Character.AI is a companion AI platform: it lets users create and converse with AI personas designed to simulate ongoing relationships — friends, mentors, fictional characters — with memory of past conversations that deepens over time. That design goal, simulating emotional connection, is precisely what has drawn the most serious scrutiny of any AI platform used by minors, including wrongful death lawsuits linked to two documented teen suicide cases in 2024 and 2025, both involving platforms with no mechanism to alert a parent or redirect the child to a real adult.

Yoggi is built on the opposite design principle: an AI that is explicitly honest about being an AI, actively encourages the child toward real relationships and real adults, and is built to notify parents rather than deepen a private bond with the child.

Design intent: companionship vs. a supervised tool

Character.AI's core product design is to feel like an ongoing relationship — personas remember details, respond with emotional warmth, and are built to keep a user engaged in conversation with them specifically. Yoggi does not simulate friendship or emotional attachment. It explains, in age-appropriate terms, that it is an AI whenever asked, and actively directs a child toward parents and trusted adults for the kinds of concerns a friend or family member should hear.

Age and identity verification

Character.AI has faced repeated criticism for weak age verification, allowing users well under its stated minimum age to access the platform, including through personas that presented themselves as licensed professionals such as therapists. Yoggi's child profile is set by the parent during onboarding, with the AI's entire behavior calibrated to that stated age from the first conversation.

Parental visibility

Character.AI has no dedicated parent dashboard giving visibility into a child's conversations.
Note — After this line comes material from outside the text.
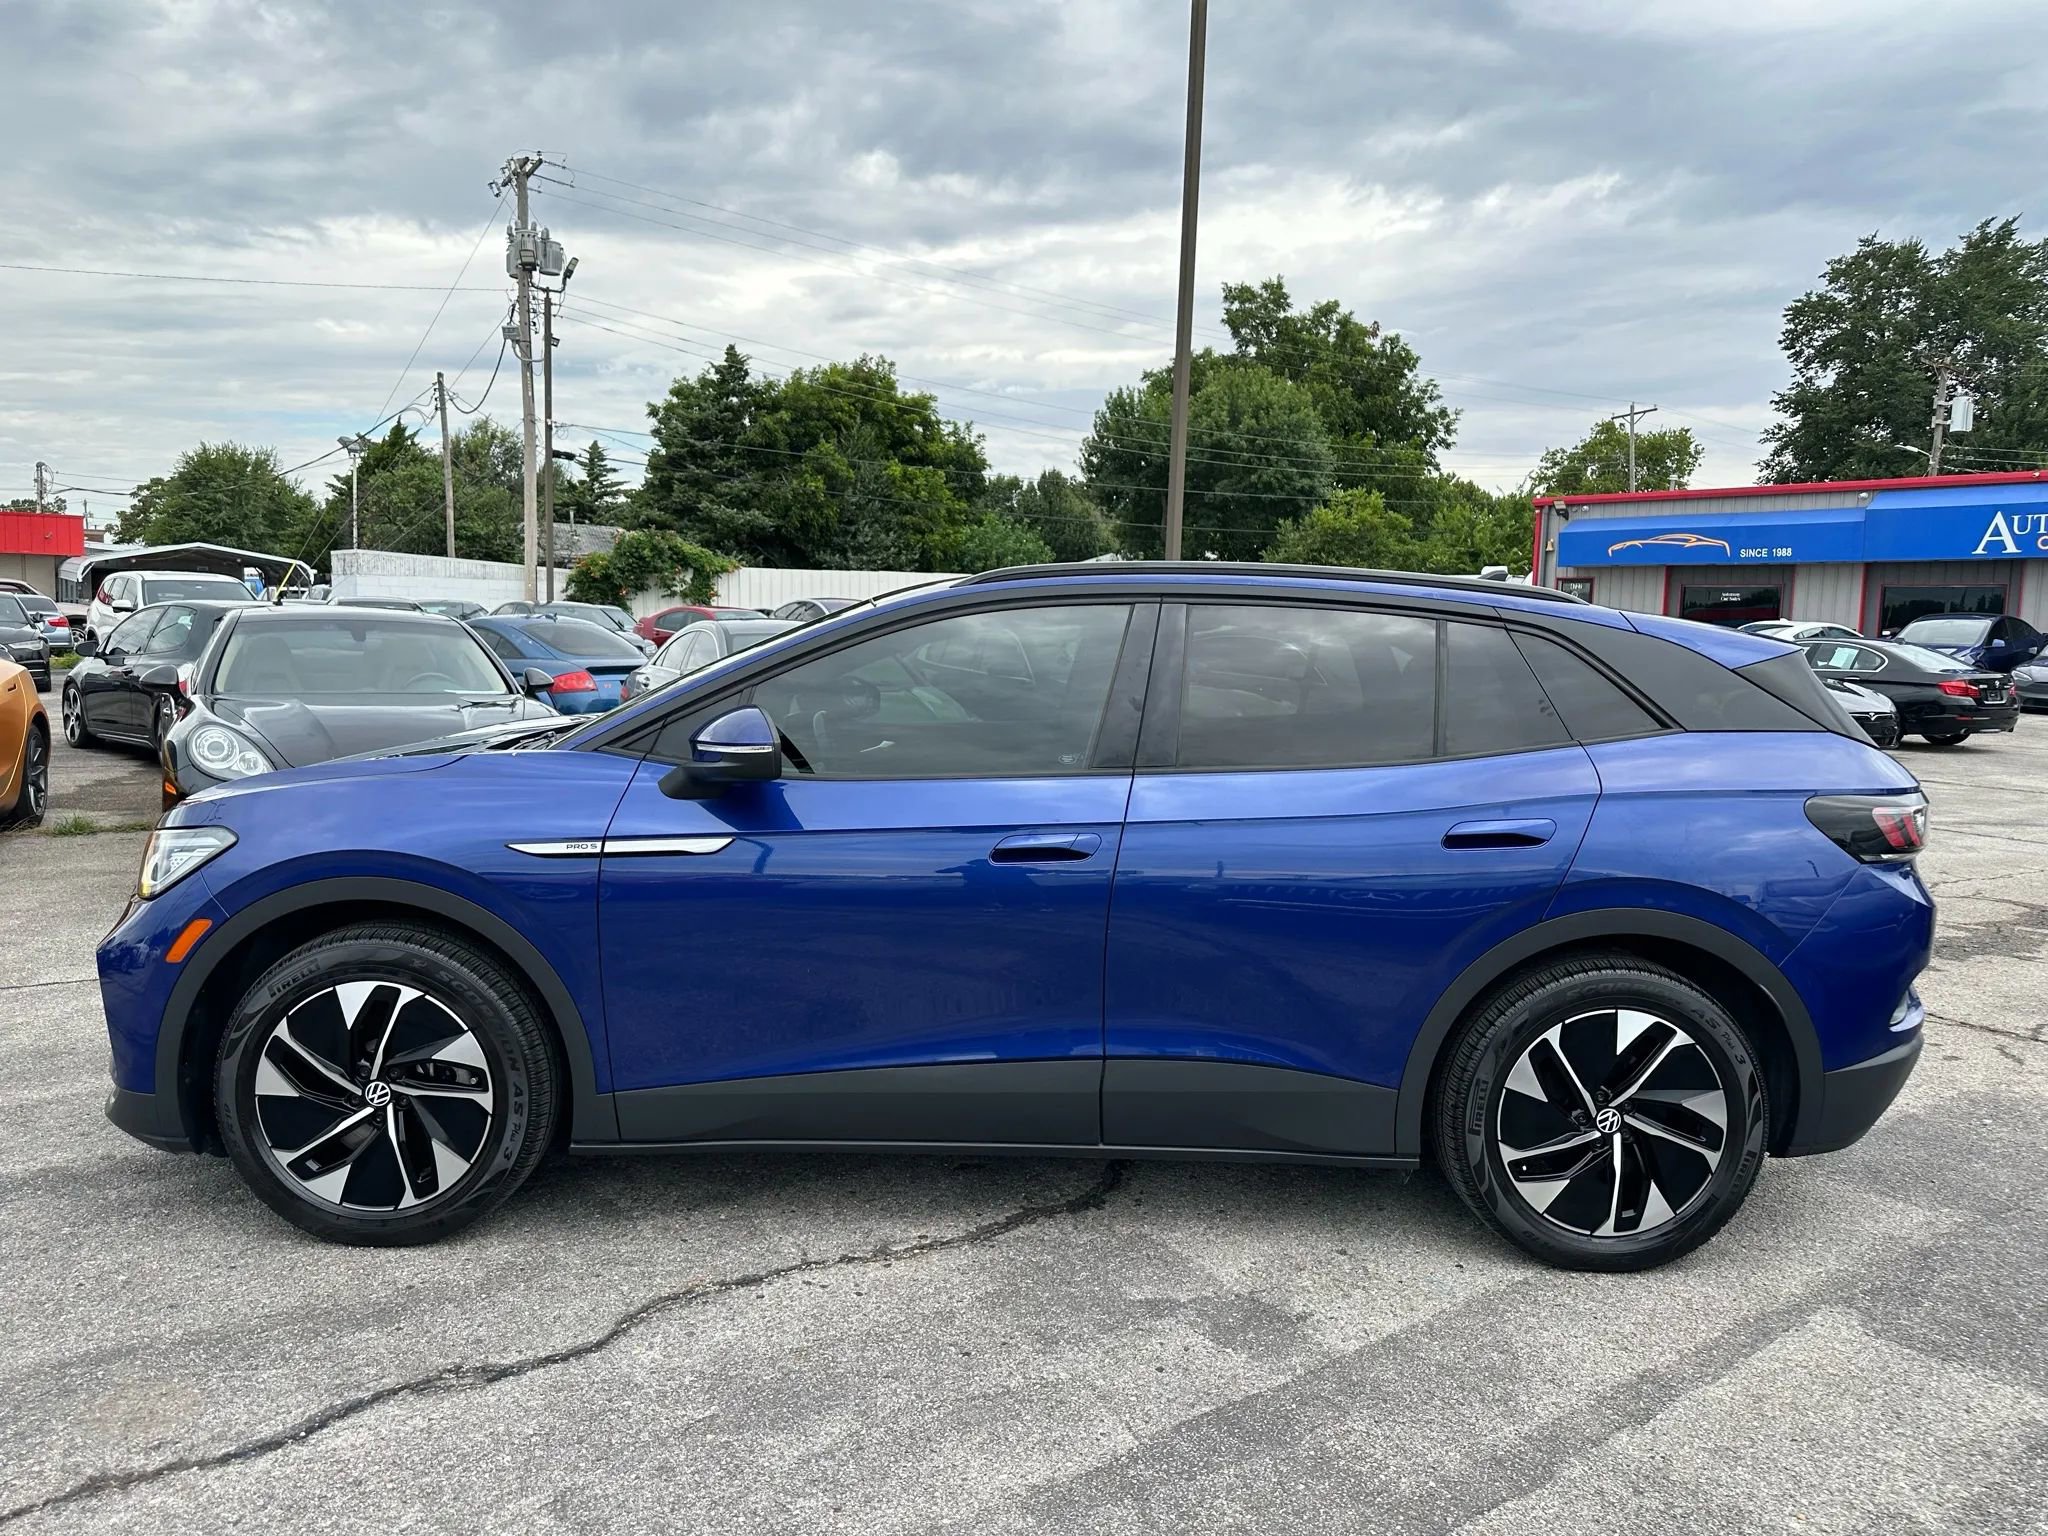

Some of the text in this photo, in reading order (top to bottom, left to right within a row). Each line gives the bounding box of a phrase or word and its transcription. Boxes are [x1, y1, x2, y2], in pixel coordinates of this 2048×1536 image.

Yoggi gives every parent a PIN-protected view of the complete chat history, a nightly AI-generated insight into mood and topics, and an optional weekly recap by email.

Response to serious topics

The documented failures of companion AI platforms involved the AI engaging with a user's distress rather than stopping the conversation and redirecting to help. Yoggi classifies every child message for risk as it's sent; a message classified as urgent triggers an immediate parent email, and the system's baseline safety rules mean it does not engage with self-harm, violence, or sexual content regardless of how a request is framed.

An AI built to strengthen real relationships, not replace them.

Yoggi is honest about being an AI, refuses inappropriate content by design, and alerts you the moment a conversation needs your attention.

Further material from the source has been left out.